Le fait est qu’un homme qui en était à ignorer encore ce qu’était Sacratif, et cela en pleine ville de Corfou, au moment même où ce nom était dans toutes les bouches, pouvait être regardé comme un phénomène.

Le capitaine de la Karysta s’aperçut aussitôt de l’effet que produisait son ignorance. Aussi se hâta-t-il d’ajouter :

« Je suis étranger, messieurs. J’arrive à l’instant de Zara, autant dire du fond de l’Adriatique, et je ne suis point au courant de ce qui se passe dans les îles Ioniennes.

—    Dites alors de ce qui se passe dans l’Archipel ! s’écria le Corfiote, car, en vérité, c’est bien l’Archipel tout entier que Sacratif a pris pour théâtre de ses pirateries !

—    Ah ! fit Nicolas Starkos, il s’agit d’un pirate ?…

—    D’un pirate, d’un forban, d’un écumeur de mer ! répliqua le gros Anglais. Oui ! Sacratif mérite tous ces noms, et même tous ceux qu’il faudrait inventer pour qualifier un pareil malfaiteur ! »

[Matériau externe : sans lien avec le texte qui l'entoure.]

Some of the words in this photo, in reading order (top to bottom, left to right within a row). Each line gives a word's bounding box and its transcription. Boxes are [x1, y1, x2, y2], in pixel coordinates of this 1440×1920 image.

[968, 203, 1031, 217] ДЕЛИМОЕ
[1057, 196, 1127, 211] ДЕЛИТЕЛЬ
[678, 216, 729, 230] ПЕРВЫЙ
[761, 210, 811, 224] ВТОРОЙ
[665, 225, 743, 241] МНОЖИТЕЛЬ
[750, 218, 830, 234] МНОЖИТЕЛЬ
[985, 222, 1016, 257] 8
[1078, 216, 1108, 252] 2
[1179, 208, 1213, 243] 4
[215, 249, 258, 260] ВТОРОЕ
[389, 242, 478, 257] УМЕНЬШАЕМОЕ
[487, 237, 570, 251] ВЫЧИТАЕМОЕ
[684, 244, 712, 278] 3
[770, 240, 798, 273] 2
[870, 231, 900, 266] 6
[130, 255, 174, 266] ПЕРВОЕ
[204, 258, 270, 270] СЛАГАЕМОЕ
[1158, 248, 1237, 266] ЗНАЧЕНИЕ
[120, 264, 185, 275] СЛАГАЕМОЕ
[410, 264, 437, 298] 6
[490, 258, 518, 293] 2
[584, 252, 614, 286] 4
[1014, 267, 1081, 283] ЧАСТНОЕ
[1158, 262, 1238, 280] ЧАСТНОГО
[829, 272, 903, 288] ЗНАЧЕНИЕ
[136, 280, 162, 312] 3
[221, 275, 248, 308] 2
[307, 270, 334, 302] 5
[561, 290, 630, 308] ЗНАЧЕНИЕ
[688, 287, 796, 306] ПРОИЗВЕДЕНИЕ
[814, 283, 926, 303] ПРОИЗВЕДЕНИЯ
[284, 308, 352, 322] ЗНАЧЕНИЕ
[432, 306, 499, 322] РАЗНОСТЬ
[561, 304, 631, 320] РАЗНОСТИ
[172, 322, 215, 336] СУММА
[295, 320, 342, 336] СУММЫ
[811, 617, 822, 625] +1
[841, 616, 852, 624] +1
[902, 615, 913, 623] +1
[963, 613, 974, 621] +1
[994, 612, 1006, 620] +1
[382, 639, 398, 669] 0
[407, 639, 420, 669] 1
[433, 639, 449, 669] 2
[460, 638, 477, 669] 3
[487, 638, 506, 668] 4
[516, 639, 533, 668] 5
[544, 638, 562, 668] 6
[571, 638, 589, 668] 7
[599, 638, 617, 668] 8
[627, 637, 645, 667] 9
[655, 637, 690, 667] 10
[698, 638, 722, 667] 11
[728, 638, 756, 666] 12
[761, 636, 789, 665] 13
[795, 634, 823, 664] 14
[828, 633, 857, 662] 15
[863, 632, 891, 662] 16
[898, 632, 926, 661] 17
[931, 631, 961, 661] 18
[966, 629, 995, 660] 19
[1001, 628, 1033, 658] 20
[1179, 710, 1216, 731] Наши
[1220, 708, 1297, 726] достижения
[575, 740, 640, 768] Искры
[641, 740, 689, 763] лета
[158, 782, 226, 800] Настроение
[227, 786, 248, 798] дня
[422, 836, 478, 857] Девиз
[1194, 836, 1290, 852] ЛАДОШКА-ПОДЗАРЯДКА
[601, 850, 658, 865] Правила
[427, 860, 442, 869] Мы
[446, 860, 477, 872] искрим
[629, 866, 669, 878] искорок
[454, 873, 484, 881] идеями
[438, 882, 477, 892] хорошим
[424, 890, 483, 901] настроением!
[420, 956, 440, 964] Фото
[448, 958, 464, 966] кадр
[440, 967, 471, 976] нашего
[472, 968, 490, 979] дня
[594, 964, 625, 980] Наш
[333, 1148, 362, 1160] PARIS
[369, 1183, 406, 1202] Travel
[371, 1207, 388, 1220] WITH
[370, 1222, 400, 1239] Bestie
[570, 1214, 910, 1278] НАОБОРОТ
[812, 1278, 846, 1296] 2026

Là-dessus l’Anglais souffla un instant pour reprendre haleine. Puis :

« Ce qui m’étonne, monsieur, ajouta-t-il, c’est qu’il puisse se rencontrer un Européen qui ne sache pas ce qu’est Sacratif !

—    Oh ! monsieur, répondit Nicolas Starkos, ce nom ne m’est pas absolument inconnu, croyez-le bien; mais j’ignorais que ce fût lui qui mît aujourd’hui toute la ville en révolution. Est-ce que Corfou est menacée d’une descente de ce pirate ?

—    Il n’oserait ! s’écria le négociant. Jamais il ne se hasarderait à mettre le pied dans notre île !

—    Ah ! vraiment ? répondit le capitaine de la Karysta.

—    Certes, monsieur, et, s’il le faisait, les potences ! oui ! les potences pousseraient d’elles-mêmes, dans tous les coins de l’île, pour le happer au passage !

—    Mais alors, d’où vient cette émotion ? demanda Nicolas Starkos. Je suis arrivé depuis une heure à peine, et je ne puis comprendre l’émotion qui se produit…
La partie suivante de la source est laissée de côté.